Re: [dpdk-dev] Questions about API with no parameter check

From: Tyler Retzlaff <hidden>
Date: 2021-05-05 15:58:26

On Tue, May 04, 2021 at 09:36:24AM +0000, Ananyev, Konstantin wrote:
quoted
2021-04-29 09:16 (UTC-0700), Tyler Retzlaff:
quoted
On Wed, Apr 07, 2021 at 05:10:00PM +0100, Ferruh Yigit wrote:
quoted
On 4/7/2021 4:25 PM, Hemant Agrawal wrote:
quoted
quoted
+1
But are we going to check all parameters?
+1

It may be better to limit the number of checks.
+1 to verify input for APIs.

Why not do all, what is the downside of checking all input for control path APIs?
why not assert them then, what is the purpose of returning an error to a
caller for a api contract violation like a `parameter shall not be NULL`

* assert.h/cassert can be compiled away for those pundits who don't want
  to see extra branches in their code

* when not compiled away it gives you an immediate stack trace or dump to operate
  on immediately identifying the problem instead of having to troll
  through hoaky inconsistently formatted logging.

* it catches callers who don't bother to check for error from return of
  the function (debug builds) instead of some arbitrary failure at some
  unrelated part of the code where the corrupted program state is relied
  upon.

we aren't running in kernel, we can crash.
As library developers we can't assume stability requirements at call site.
There may be temporary files to clean up, for example,
or other threads in the middle of their work.

As an application developer I'd hate to get a crash inside a library and
having to debug it.
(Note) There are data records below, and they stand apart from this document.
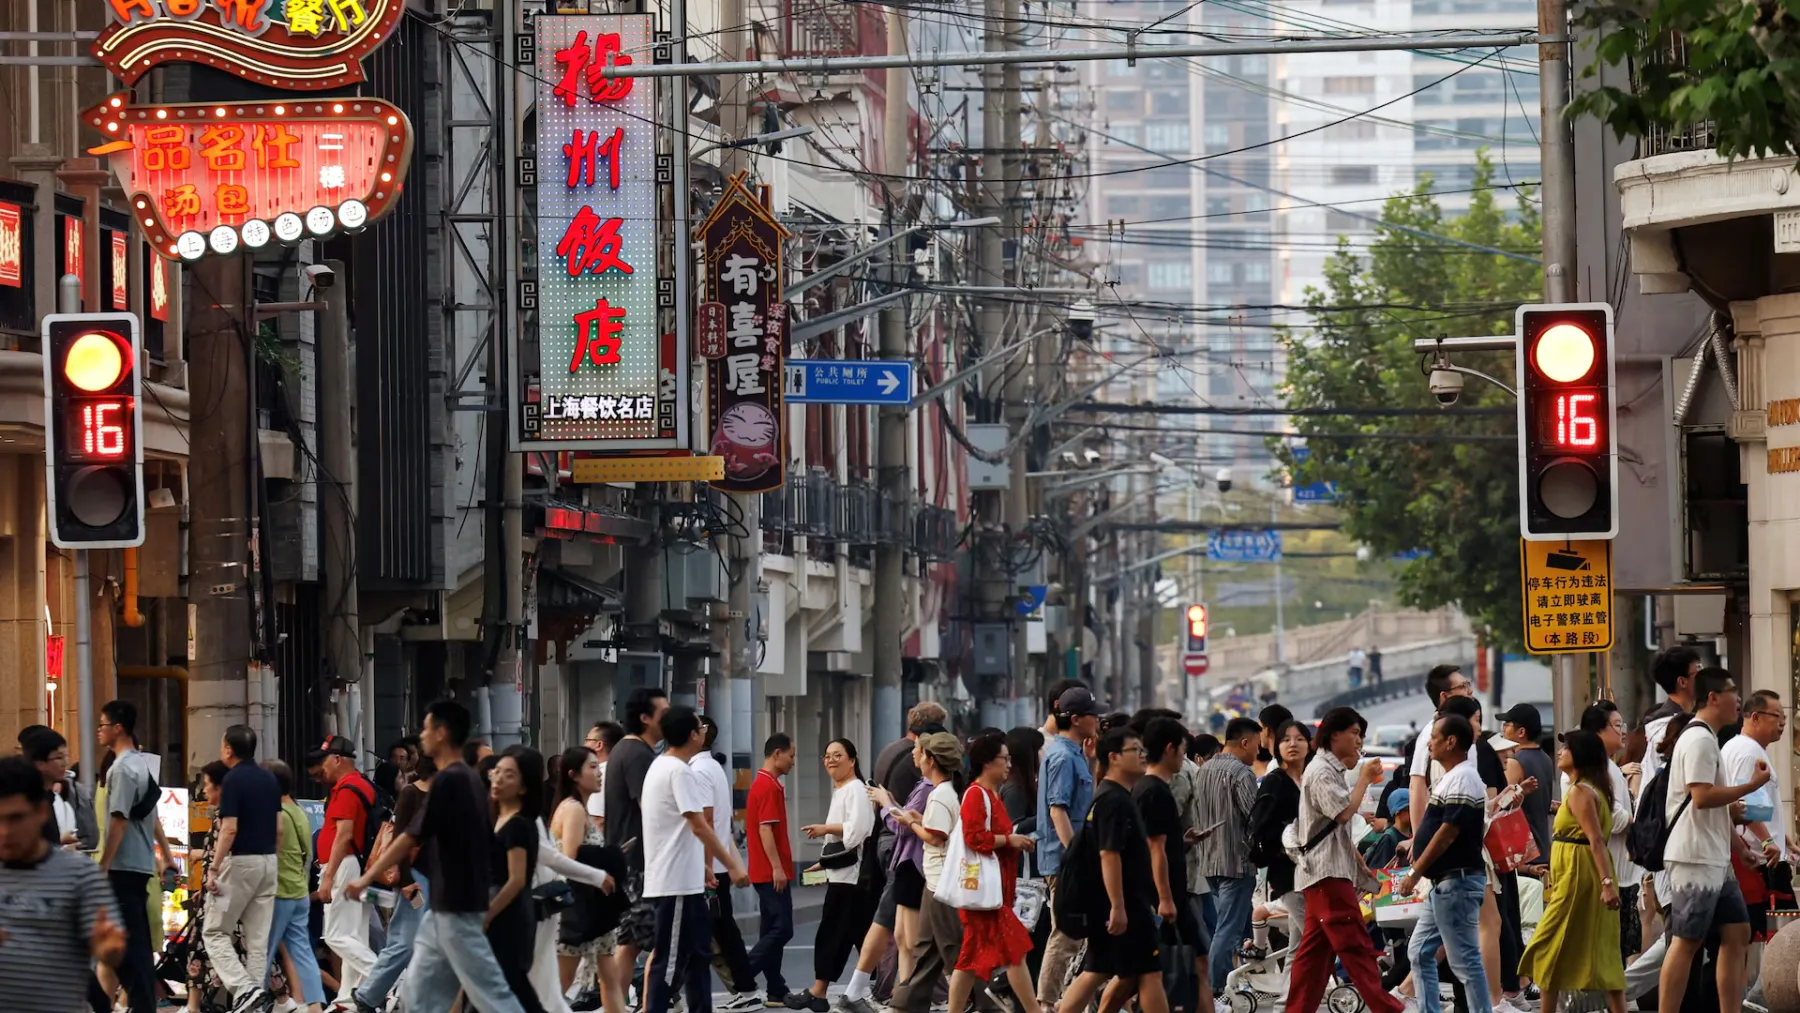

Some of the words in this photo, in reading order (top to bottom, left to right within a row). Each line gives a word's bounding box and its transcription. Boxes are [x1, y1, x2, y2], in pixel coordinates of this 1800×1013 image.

[287, 0, 366, 36] 餐厅
[88, 125, 300, 171] 一品名仕
[165, 183, 250, 217] 汤包
[706, 306, 719, 355] 日本料理
[721, 253, 766, 397] 有喜屋
[760, 303, 787, 371] 深夜食堂
[815, 377, 839, 385] PUBLIC
[843, 378, 866, 386] TOILET
[544, 396, 654, 419] 上海餐饮名店
[1557, 394, 1597, 446] 16
[83, 403, 124, 454] 16
[1528, 574, 1607, 591] 停车行为违法
[1537, 592, 1602, 609] 请立即驶离
[1530, 611, 1607, 628] 电子警察监管
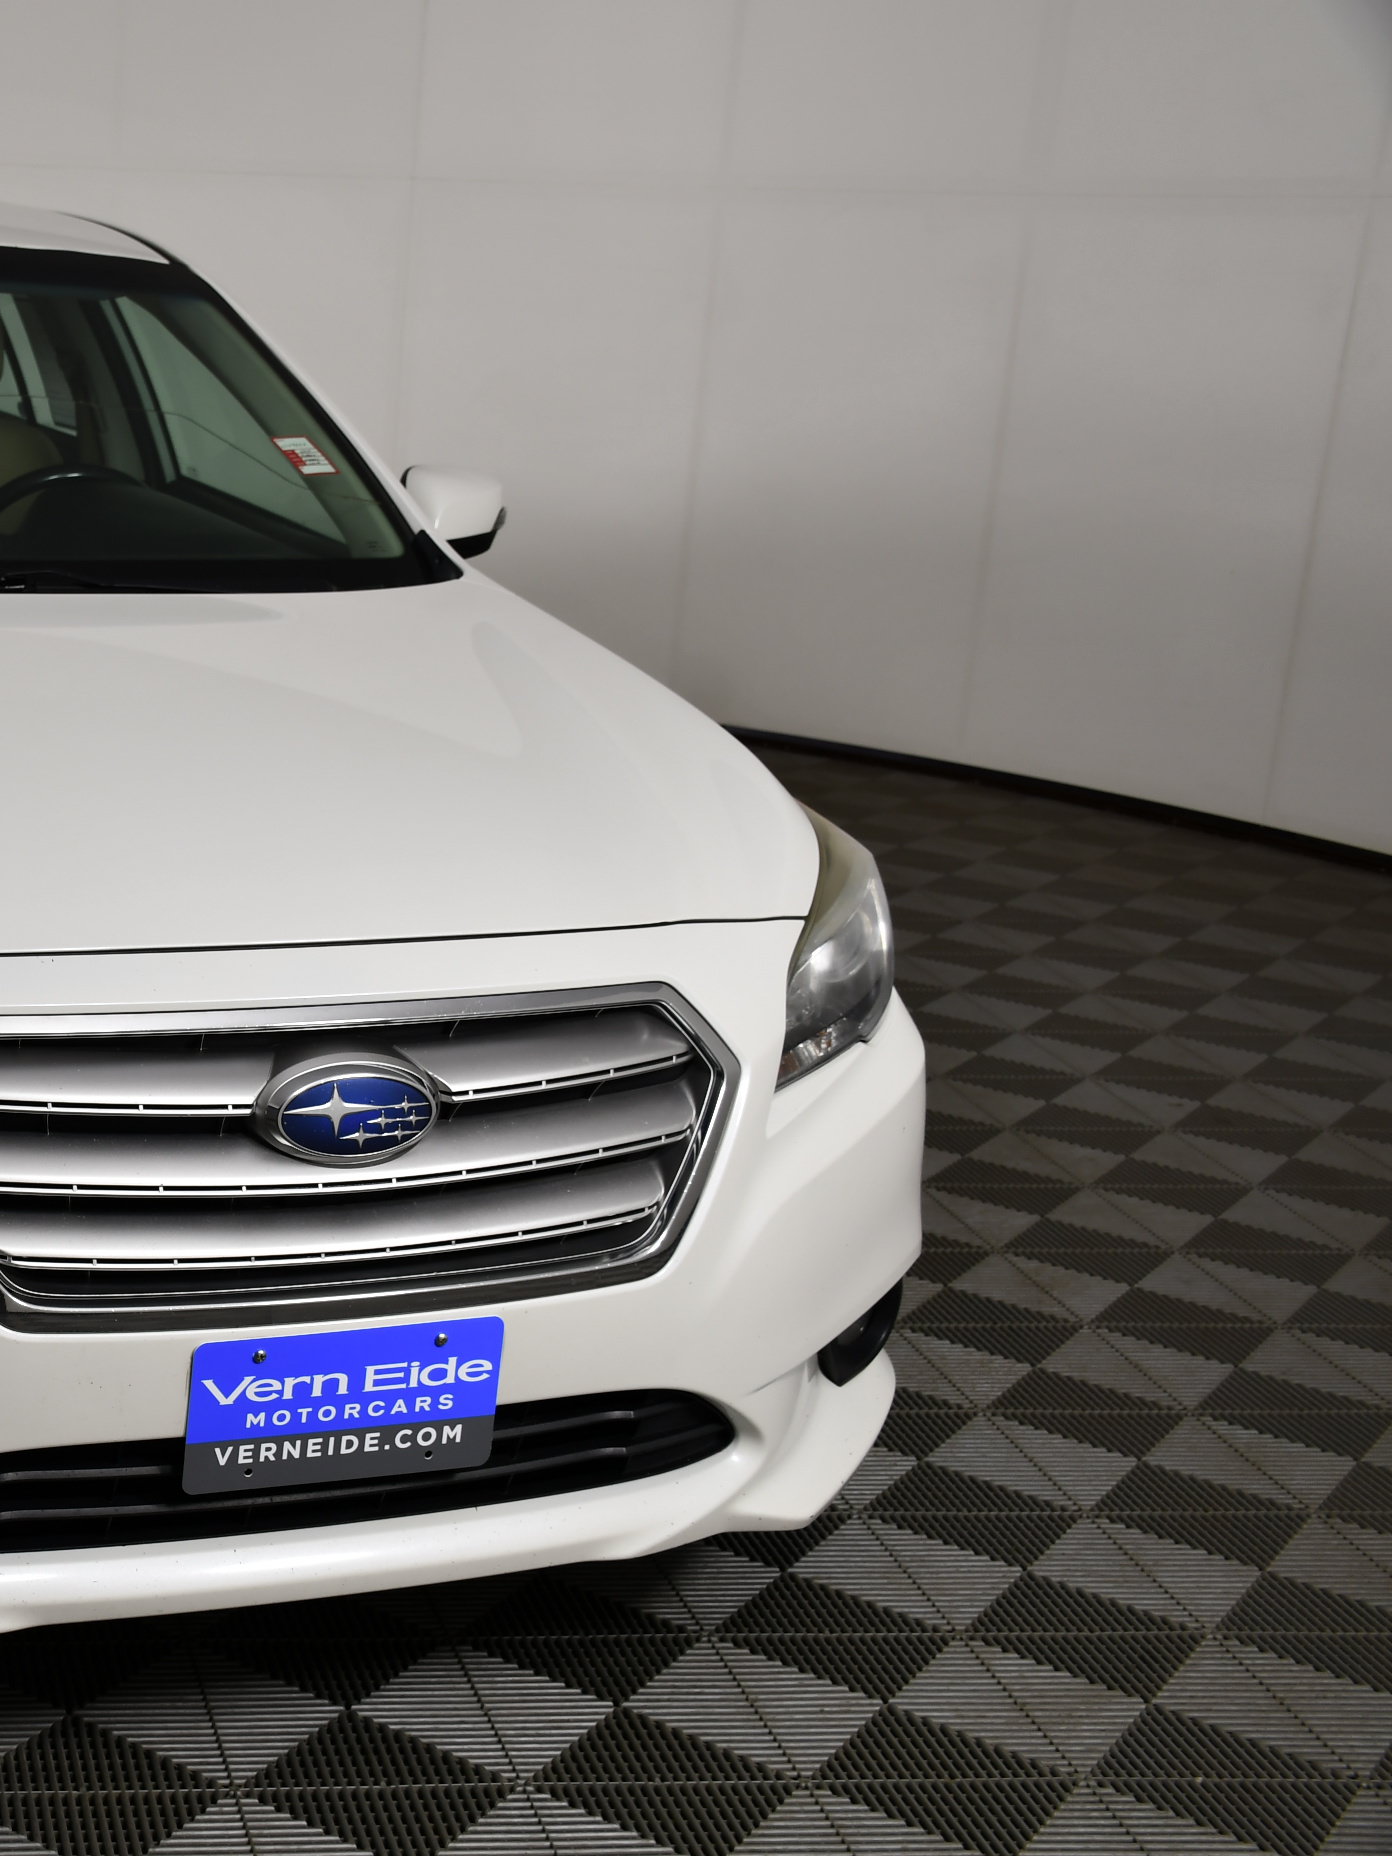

Usually installed are release versions with assertions
compiled away.
I agree with Dmitry summary above.
Asserting inside the library calls is bad programming practice,
please keep it away from the project. 
i'm not advocating for asserts i'm advocating for users to have a
choice instead of being opted in to this change unconditionally.

asserts are an option that may be policy controlled as previously mentioned
either in this thread or another. so if you don't like them you can disable
them as a function of the policy. for a basic assert that means building
release instead of debug but a more sophisticated policy mechanism could be
employed if desired.

what you can't turn off is introduction of superfluous errors being
returned due to programming mistakes in the application which should be
handled yet have no sensible way to be handled. it just clutters the
calling code with unnecessary error handling, makes the errors returned
ambiguious and often indistinguishable from real errors.

by this logic we should modify rte_free to be

int rte_free(void * p) { if (p == NULL) return EINVAL; mem_free(p, true); }

which is about as useful as one can imagine.

this proposal has been pushed through too quickly without proper debate,
and the patch that introduces the superfluous errors breaks abi. tech
board should get involved before it goes further.

i'm not asking for asserts, i'm asking not to be opted in to an equally
harmful error handling pattern that makes application logic more error
prone and more complex negatively impacting quality.